Federal agencies have begun revising their policies on recalling employees from telework and other pandemic-related issues in light of the recent executive order and OMB guidance setting tougher safety standards for federal workplaces.
Among those agencies is the OPM, which for example said that for its own employees, “every effort will be made to maximize eligible employees’ use of approved telework” as long as community transmission of the Coronavirus is continuing. It also states that teleworkers who are working off-site more than normal—which would be the large majority—”will be given thirty days advanced notice before they are required to return to work on-site at OPM duty locations.”
Similarly, the new EPA policy says that while that agency originally “encouraged employees to maximize telework to the extent possible . . . it is now the agency posture to maximize the use of telework and remote work during widespread community transmission” and that employees will be given at least two weeks’ notice before being recalled to their regular workplace.

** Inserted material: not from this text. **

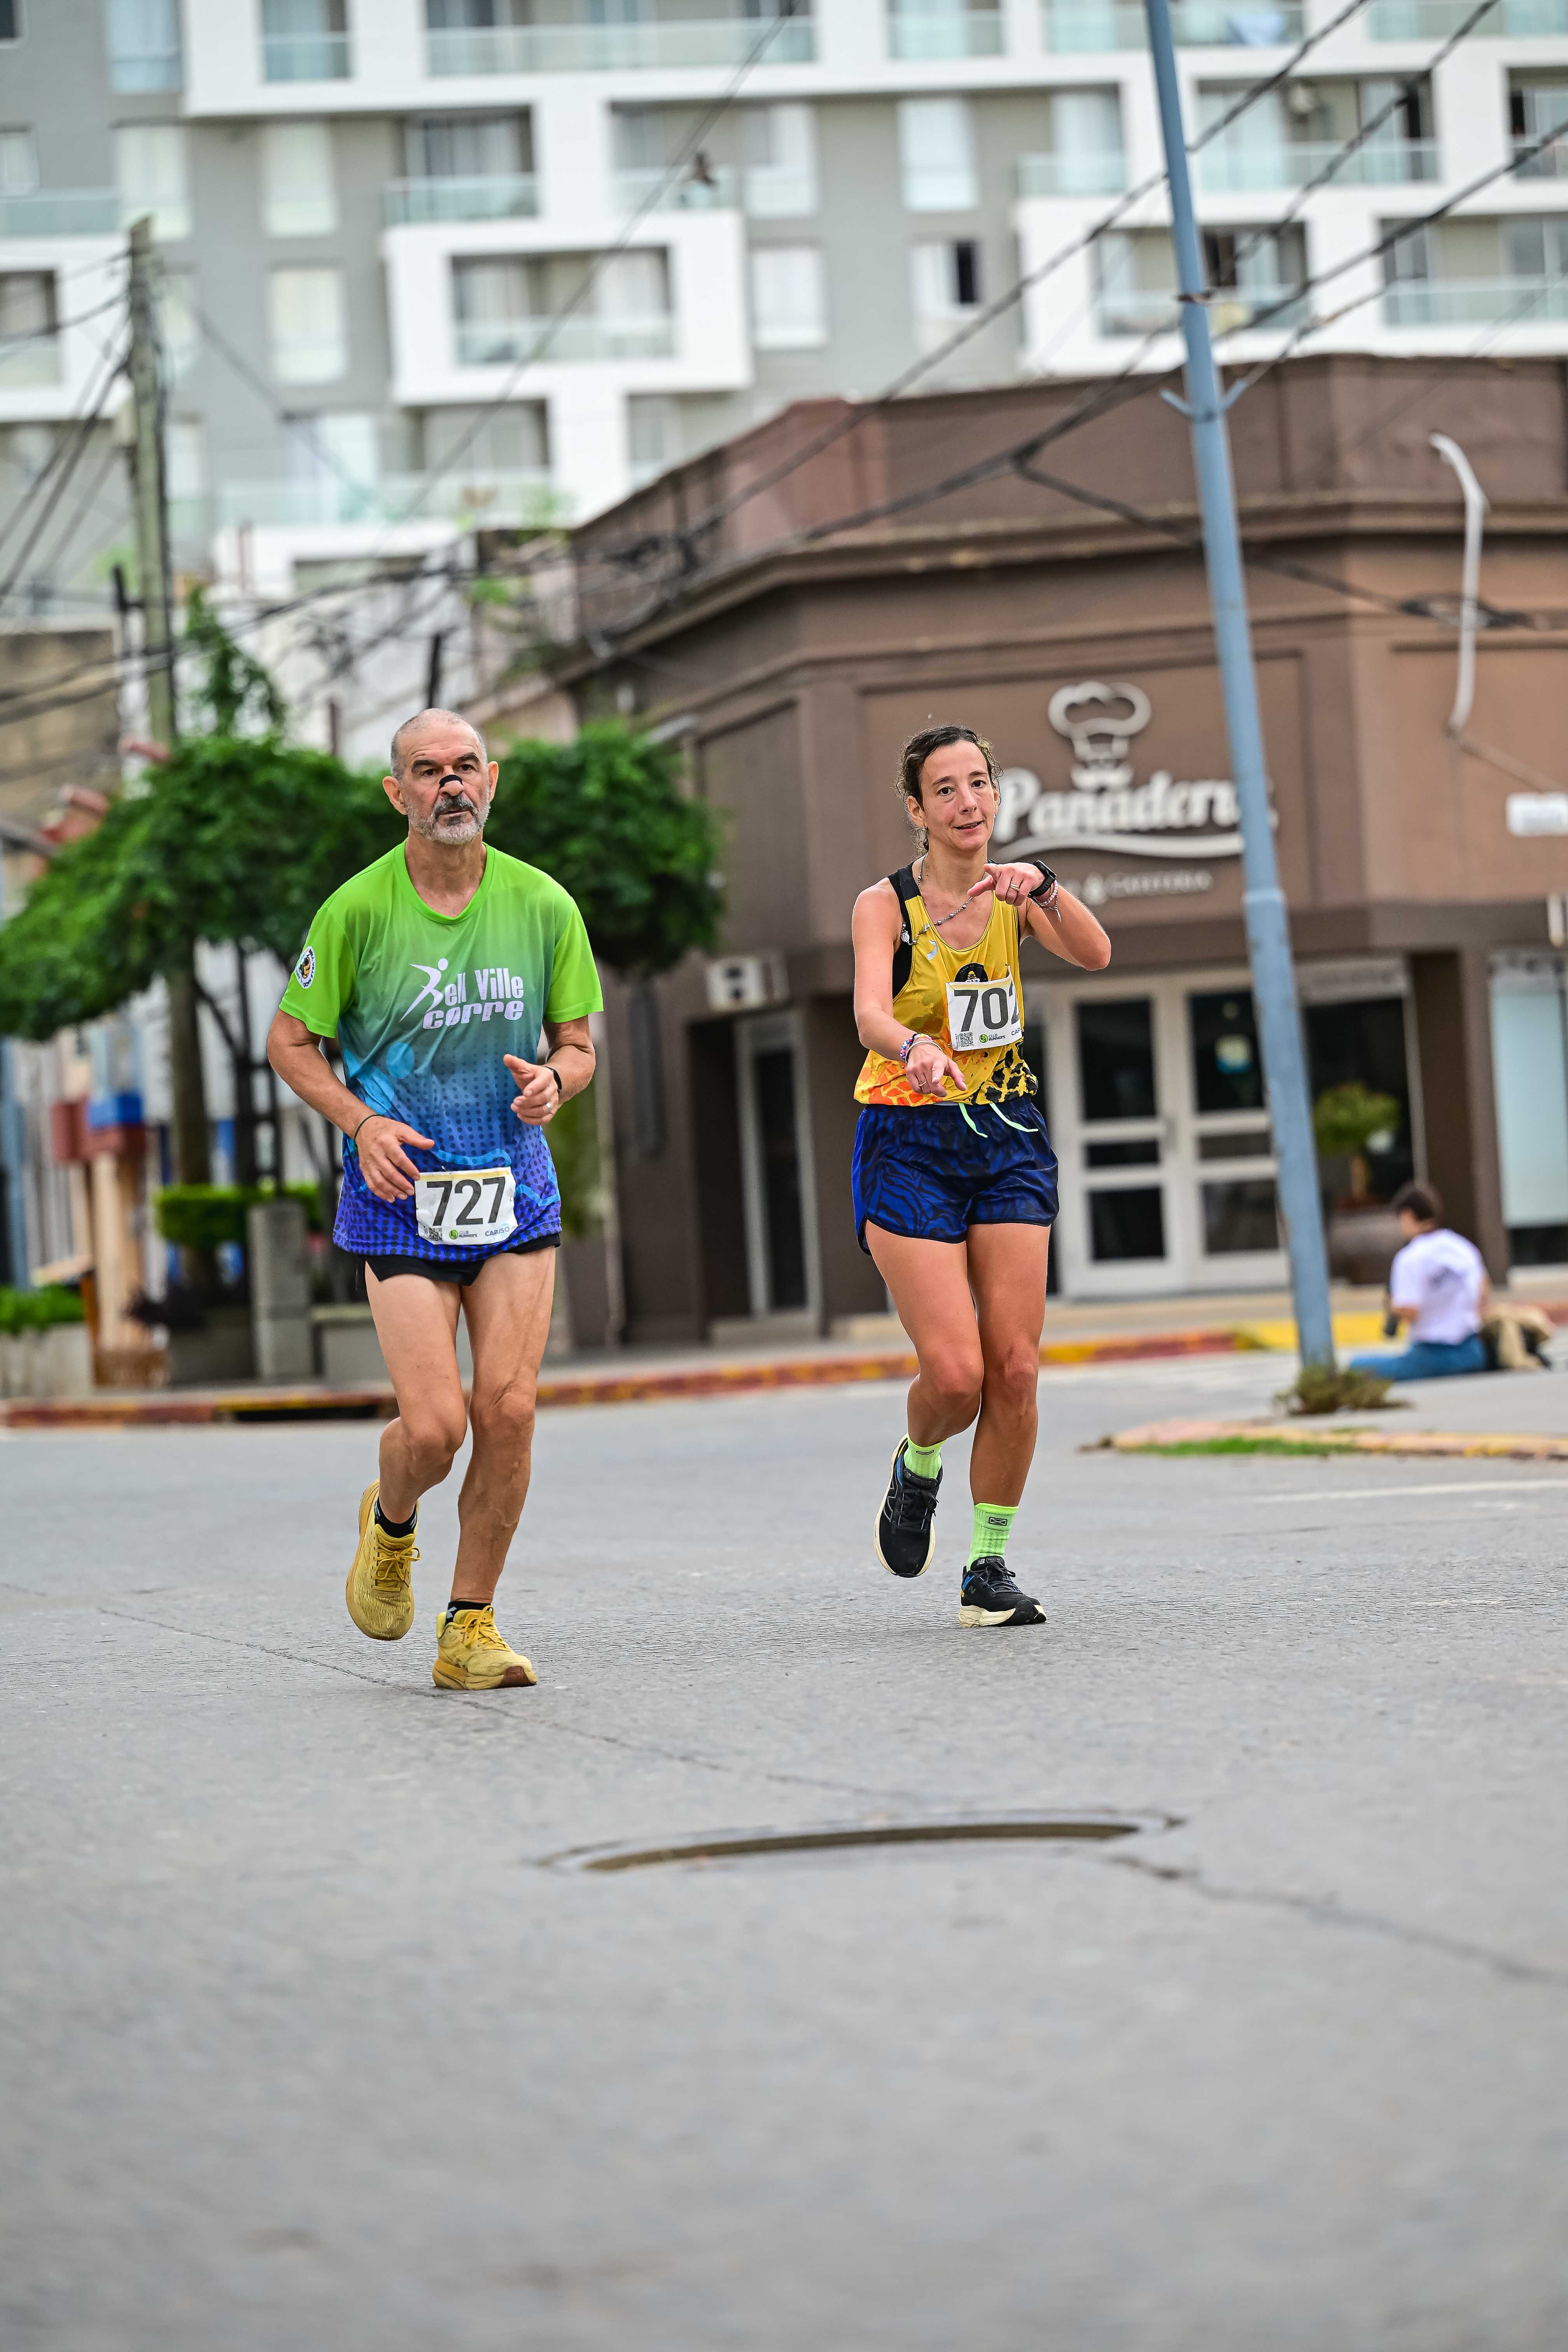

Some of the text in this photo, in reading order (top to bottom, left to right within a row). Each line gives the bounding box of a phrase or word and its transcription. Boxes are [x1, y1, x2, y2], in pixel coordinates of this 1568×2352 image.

The agency-specific guidance in general also reflects the new stricter policies regarding the wearing of masks and social distancing in the federal workplace as well as a new general policy of limiting building occupancy to no more than 25 percent of capacity. The Justice Department policy goes further, saying that “Importantly, this percentage is a ceiling, not a floor – if your component can operate at 5% occupancy in its workplace, for example, that is your appropriate operating level.”
They also note that the CDC is developing a testing plan for the federal workforce, which will then be reviewed by the White House covid response office before being applied. For the meantime, they say that employees who believe they may have been exposed should notify their supervisors and consider getting tested prior to returning to their regular worksites.